Palazzo del Conservatorio dello Spirito Santo

Certamente le migliaia di persone che percorrono quotidianamente la famosa via Toledo non conoscono due particolari della nuova Facoltà di Architettura dell’Università Federico II ospitata nel Palazzo del Conservatorio dello Spirito Santo. Se infatti è frequente osservare la grandiosa facciata del fabbricato prospiciente il cortile, in pochissimi si soffermano sul bellissimo orologio a sei ore “alla romana” che si erge sulla facciata contornato da una splendida cornice e da un bassorilievo raffigurante una ghirlanda di foglie, al di sopra della quale sporge una testa di leone.

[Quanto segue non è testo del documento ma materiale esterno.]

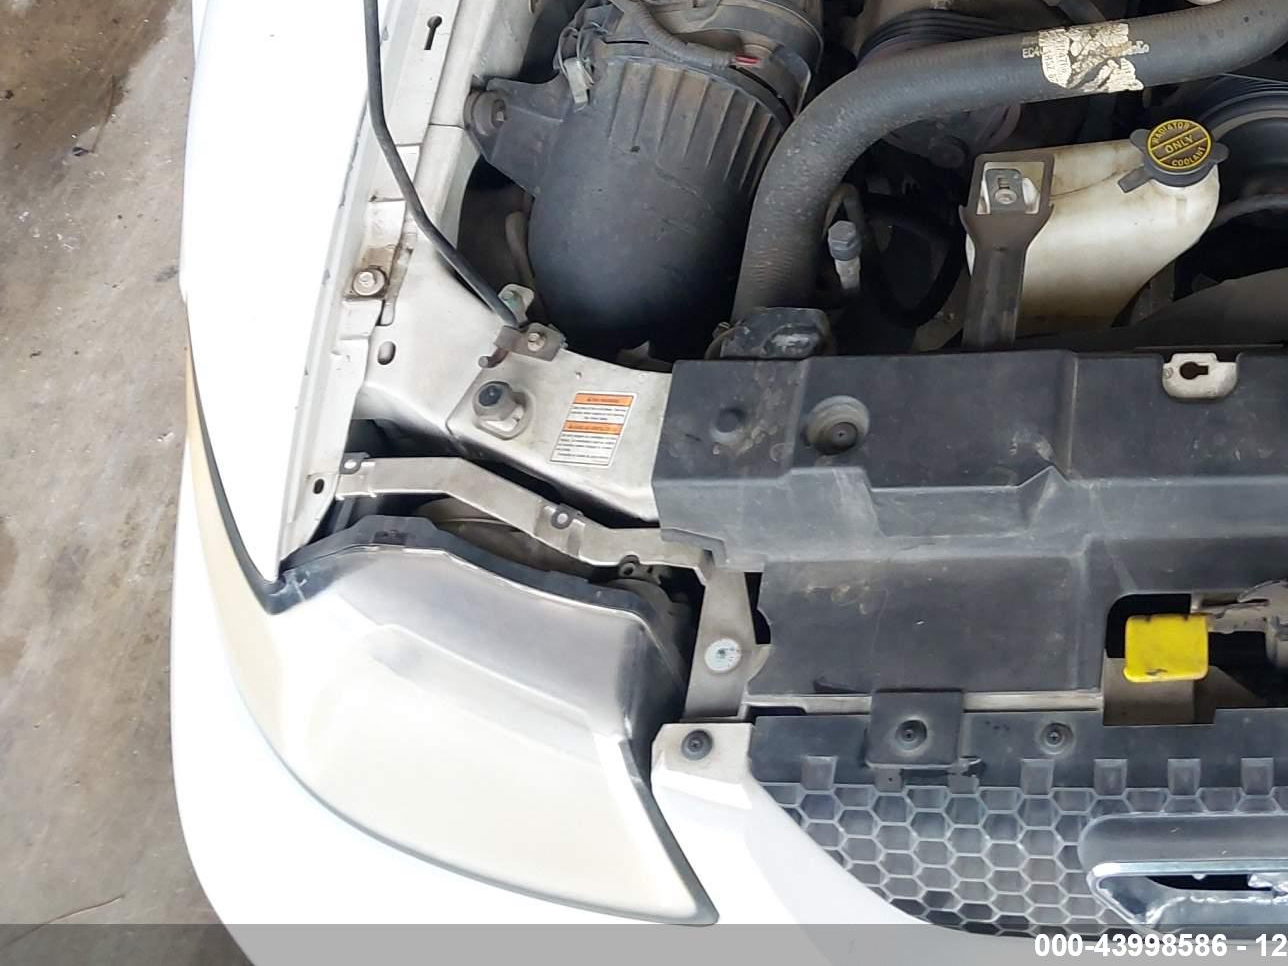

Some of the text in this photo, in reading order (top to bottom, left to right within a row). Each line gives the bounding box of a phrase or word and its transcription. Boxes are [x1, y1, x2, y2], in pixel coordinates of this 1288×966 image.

[1151, 121, 1191, 144] RADIATOR
[1164, 134, 1194, 154] ONLY
[1171, 146, 1206, 167] COOLANT

Al centro del cortile si erge un bel pozzo di epoca barocca, rifinito da un’elegante struttura in ferro battuto.
Il Conservatorio era una delle strutture, frequenti in città, destinate all’accoglienza e alla cura di ragazze povere. Fu edificato tra il 1563 e il 1569 per volere degli Illuminati dello Spirito Santo che, con i fondi ricavati dalla vendita di un terreno, ricevettero l’autorizzazione di Papa Pio IV ad iniziare la loro benefica attività. Se il progetto iniziale fu di Pietro di Giovanni, è a Mario Gioffredo che si deve l’ampliamento della chiesetta a lato, costruita insieme al Conservatorio e la cui cupola spicca per la sua raffinata fattura.
Nel 1590 la Congregazione religiosa poté aprire anche un Banco dei Pegni, aumentando moltissimo i propri introiti. Se non altro fino a quando il re Ferdinando I non decise di abolire sia gli Ordini religiosi che i Banchi. E così il palazzo venne affidato al Banco di Napoli che, almeno fino al 1856, continuò a utilizzarlo come Conservatorio e ad ospitare giovani donne.